WORK INSTRUCTIONS = The data should be written out in full, exactly as it stands, and the pictures dropped.

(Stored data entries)
────────────────

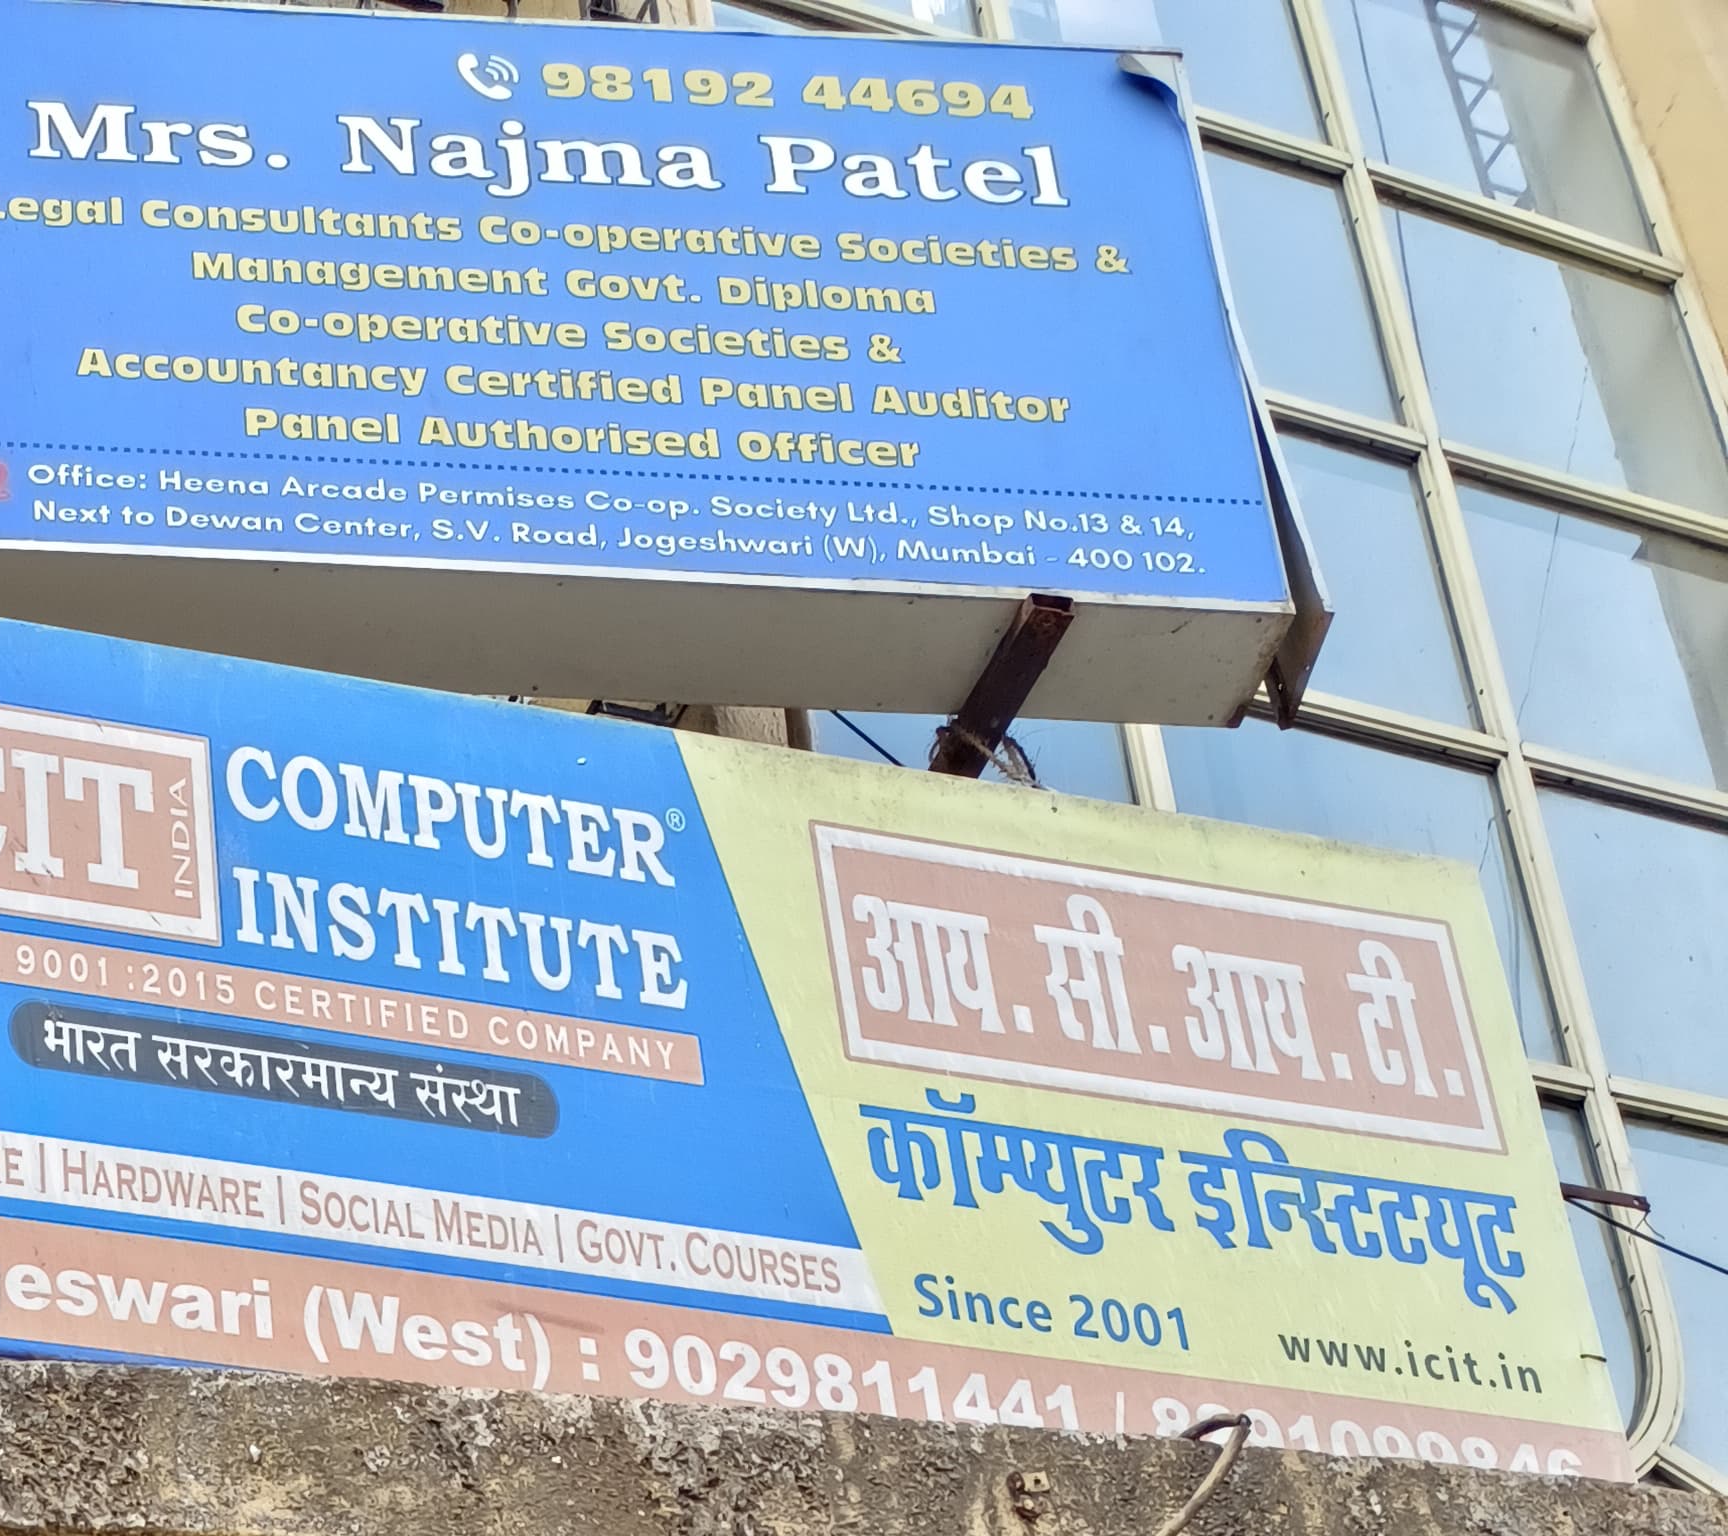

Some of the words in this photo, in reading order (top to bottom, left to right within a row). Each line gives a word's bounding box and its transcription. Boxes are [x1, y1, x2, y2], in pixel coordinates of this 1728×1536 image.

[540, 62, 775, 108] 98192
[800, 74, 1035, 121] 44694
[25, 99, 290, 171] Mrs.
[337, 113, 726, 198] Najma
[757, 133, 1071, 206] Patel
[140, 197, 463, 243] Consultants
[478, 214, 823, 262] Co-operative
[838, 231, 1079, 272] Societies
[1093, 244, 1132, 276] &
[191, 250, 550, 298] Management
[566, 267, 702, 304] Govt.
[717, 274, 937, 315] Diploma
[235, 303, 588, 351] Co-operative
[603, 320, 850, 362] Societies
[867, 332, 906, 364] &
[76, 346, 428, 397] Accountancy
[444, 361, 684, 406] Certified
[700, 374, 855, 413] Panel
[870, 383, 1071, 423] Auditor
[243, 406, 401, 445] Panel
[418, 414, 721, 460] Authorised
[738, 430, 922, 468] Officer
[26, 462, 148, 492] Office:
[158, 469, 270, 498] Heena
[280, 475, 408, 504] Arcade
[418, 482, 575, 513] Permises
[584, 490, 700, 523] Co-op.
[710, 495, 836, 528] Society
[846, 500, 919, 531] Ltd.,
[927, 504, 1015, 537] Shop
[1022, 508, 1110, 536] No.13
[1118, 511, 1145, 537] &
[1149, 513, 1196, 542] 14,
[32, 499, 112, 526] Next
[119, 503, 157, 529] to
[165, 506, 285, 533] Dewan
[293, 512, 423, 543] Center,
[431, 516, 502, 543] S.V.
[512, 523, 610, 552] Road,
[617, 526, 814, 558] Jogeshwari
[822, 534, 888, 566] (W),
[896, 536, 1037, 569] Mumbai
[1066, 546, 1134, 573] 400
[1141, 548, 1208, 576] 102.
[170, 776, 195, 900] INDIA
[232, 867, 689, 1010] INSTITUTE
[16, 944, 110, 987] 9001
[253, 980, 470, 1042] CERTIFIED
[487, 1018, 676, 1072] COMPANY
[43, 1017, 142, 1073] भारत
[151, 1033, 399, 1111] सरकारमान्य
[410, 1062, 522, 1127] संस्था
[857, 1087, 1177, 1256] कॉम्प्युटर
[61, 1147, 264, 1218] HARDWARE
[300, 1179, 425, 1240] SOCIAL
[433, 1198, 544, 1258] MEDIA
[576, 1220, 677, 1272] GOVT.
[685, 1232, 842, 1294] COURSES
[912, 1272, 1053, 1332] Since
[1069, 1293, 1193, 1351] 2001
[302, 1284, 550, 1391] (West)
[624, 1326, 1080, 1434] 9029811441
[1279, 1329, 1544, 1395] www.icit.in
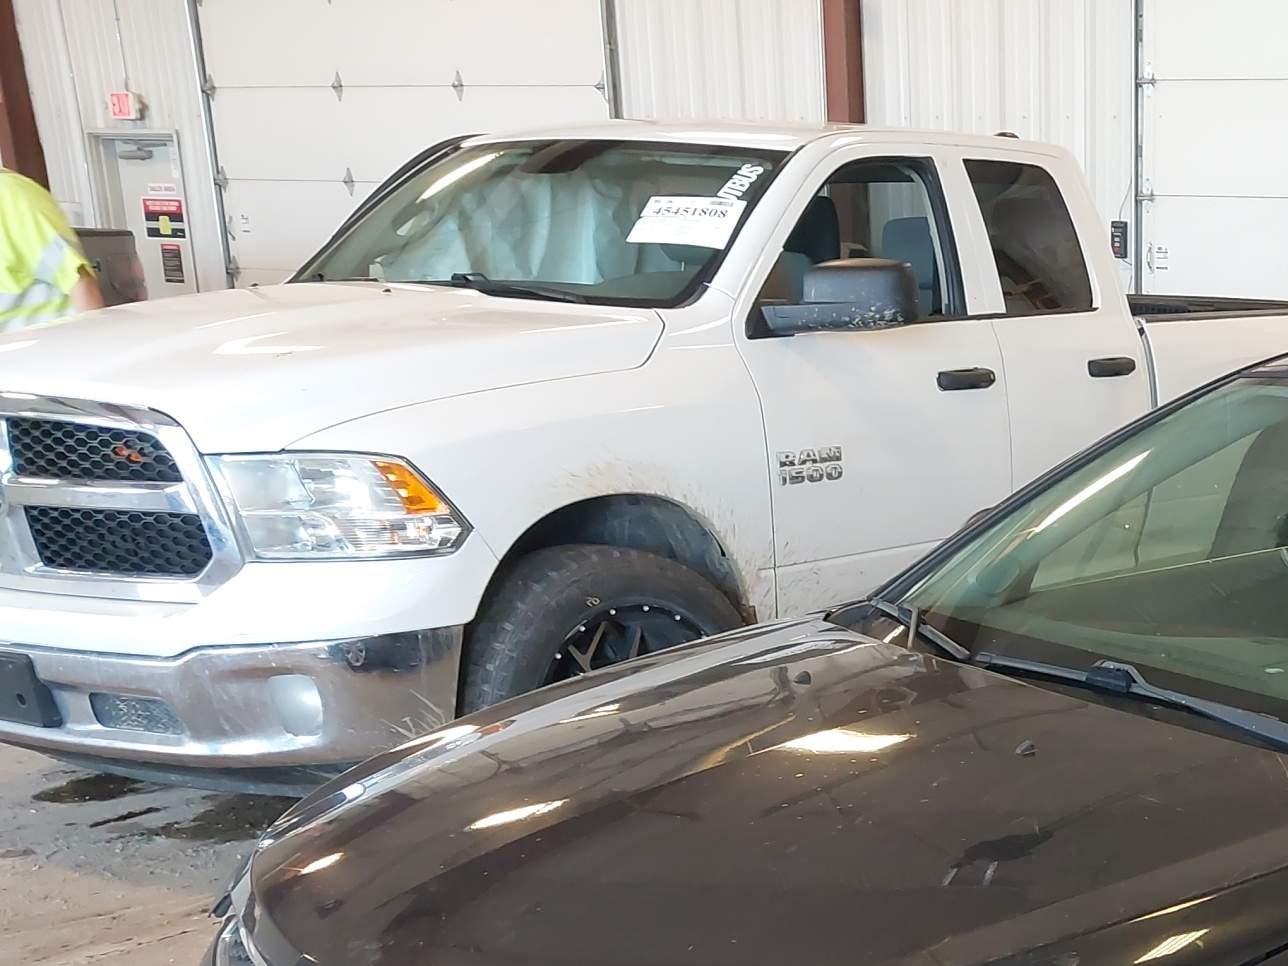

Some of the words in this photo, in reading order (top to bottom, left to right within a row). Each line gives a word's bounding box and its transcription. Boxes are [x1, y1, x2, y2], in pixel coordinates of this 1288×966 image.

[652, 206, 729, 218] 45451808
[776, 446, 842, 468] RAM
[778, 464, 843, 486] 1500
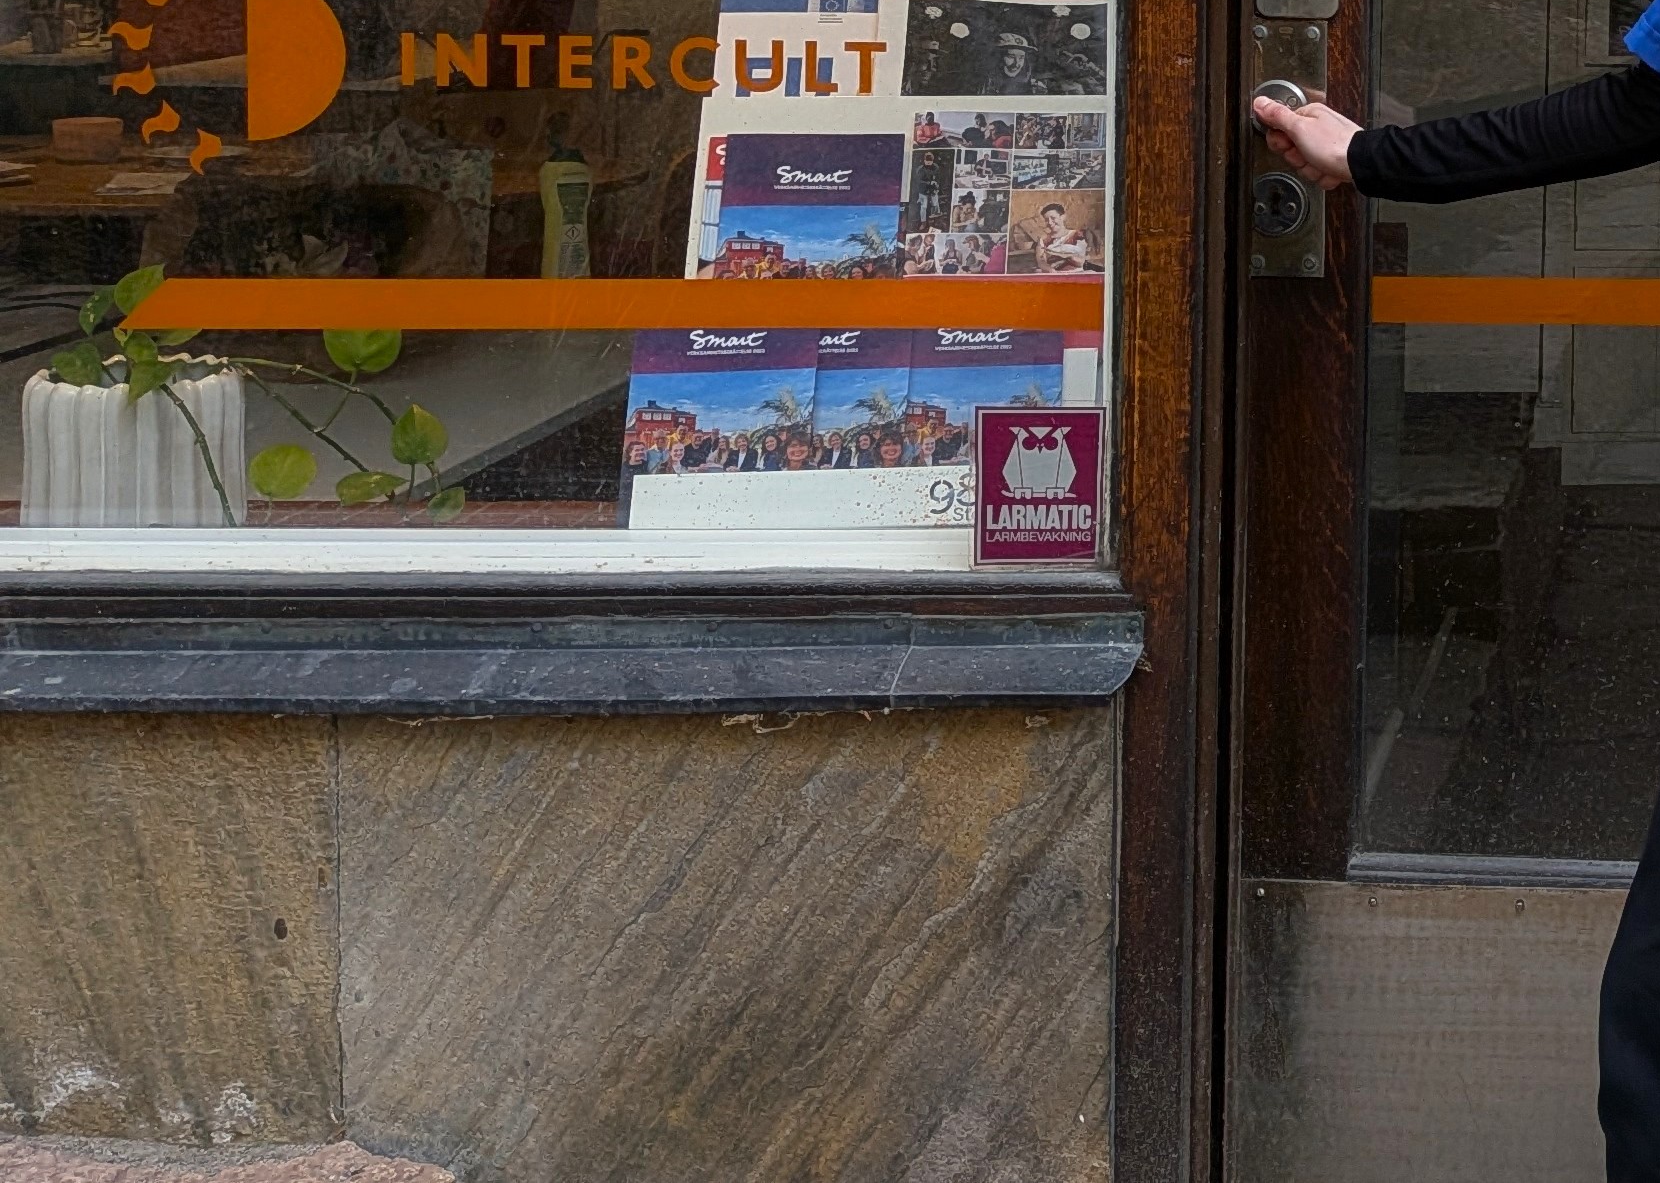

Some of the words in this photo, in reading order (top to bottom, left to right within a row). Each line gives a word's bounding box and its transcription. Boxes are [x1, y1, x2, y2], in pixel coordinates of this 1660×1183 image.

[400, 31, 888, 94] INTERCULT
[775, 164, 853, 185] Smart
[688, 329, 768, 350] Smart
[936, 327, 1014, 346] Smart
[985, 503, 1093, 530] LARMATIC
[985, 531, 1093, 544] LARMBEVAKNING

────────────────

ANSWER BELOW =
Some of the words in this photo, in reading order (top to bottom, left to right within a row). Each line gives a word's bounding box and its transcription. Boxes are [x1, y1, x2, y2], in pixel coordinates of this 1728×1536 image.

[540, 62, 775, 108] 98192
[800, 74, 1035, 121] 44694
[25, 99, 290, 171] Mrs.
[337, 113, 726, 198] Najma
[757, 133, 1071, 206] Patel
[140, 197, 463, 243] Consultants
[478, 214, 823, 262] Co-operative
[838, 231, 1079, 272] Societies
[1093, 244, 1132, 276] &
[191, 250, 550, 298] Management
[566, 267, 702, 304] Govt.
[717, 274, 937, 315] Diploma
[235, 303, 588, 351] Co-operative
[603, 320, 850, 362] Societies
[867, 332, 906, 364] &
[76, 346, 428, 397] Accountancy
[444, 361, 684, 406] Certified
[700, 374, 855, 413] Panel
[870, 383, 1071, 423] Auditor
[243, 406, 401, 445] Panel
[418, 414, 721, 460] Authorised
[738, 430, 922, 468] Officer
[26, 462, 148, 492] Office:
[158, 469, 270, 498] Heena
[280, 475, 408, 504] Arcade
[418, 482, 575, 513] Permises
[584, 490, 700, 523] Co-op.
[710, 495, 836, 528] Society
[846, 500, 919, 531] Ltd.,
[927, 504, 1015, 537] Shop
[1022, 508, 1110, 536] No.13
[1118, 511, 1145, 537] &
[1149, 513, 1196, 542] 14,
[32, 499, 112, 526] Next
[119, 503, 157, 529] to
[165, 506, 285, 533] Dewan
[293, 512, 423, 543] Center,
[431, 516, 502, 543] S.V.
[512, 523, 610, 552] Road,
[617, 526, 814, 558] Jogeshwari
[822, 534, 888, 566] (W),
[896, 536, 1037, 569] Mumbai
[1066, 546, 1134, 573] 400
[1141, 548, 1208, 576] 102.
[170, 776, 195, 900] INDIA
[232, 867, 689, 1010] INSTITUTE
[16, 944, 110, 987] 9001
[253, 980, 470, 1042] CERTIFIED
[487, 1018, 676, 1072] COMPANY
[43, 1017, 142, 1073] भारत
[151, 1033, 399, 1111] सरकारमान्य
[410, 1062, 522, 1127] संस्था
[857, 1087, 1177, 1256] कॉम्प्युटर
[61, 1147, 264, 1218] HARDWARE
[300, 1179, 425, 1240] SOCIAL
[433, 1198, 544, 1258] MEDIA
[576, 1220, 677, 1272] GOVT.
[685, 1232, 842, 1294] COURSES
[912, 1272, 1053, 1332] Since
[1069, 1293, 1193, 1351] 2001
[302, 1284, 550, 1391] (West)
[624, 1326, 1080, 1434] 9029811441
[1279, 1329, 1544, 1395] www.icit.in

Some of the words in this photo, in reading order (top to bottom, left to right within a row). Each line gives a word's bounding box and its transcription. Boxes are [x1, y1, x2, y2], in pixel coordinates of this 1288×966 image.

[652, 206, 729, 218] 45451808
[776, 446, 842, 468] RAM
[778, 464, 843, 486] 1500

Some of the words in this photo, in reading order (top to bottom, left to right within a row). Each line gives a word's bounding box and its transcription. Boxes are [x1, y1, x2, y2], in pixel coordinates of this 1660×1183 image.

[400, 31, 888, 94] INTERCULT
[775, 164, 853, 185] Smart
[688, 329, 768, 350] Smart
[936, 327, 1014, 346] Smart
[985, 503, 1093, 530] LARMATIC
[985, 531, 1093, 544] LARMBEVAKNING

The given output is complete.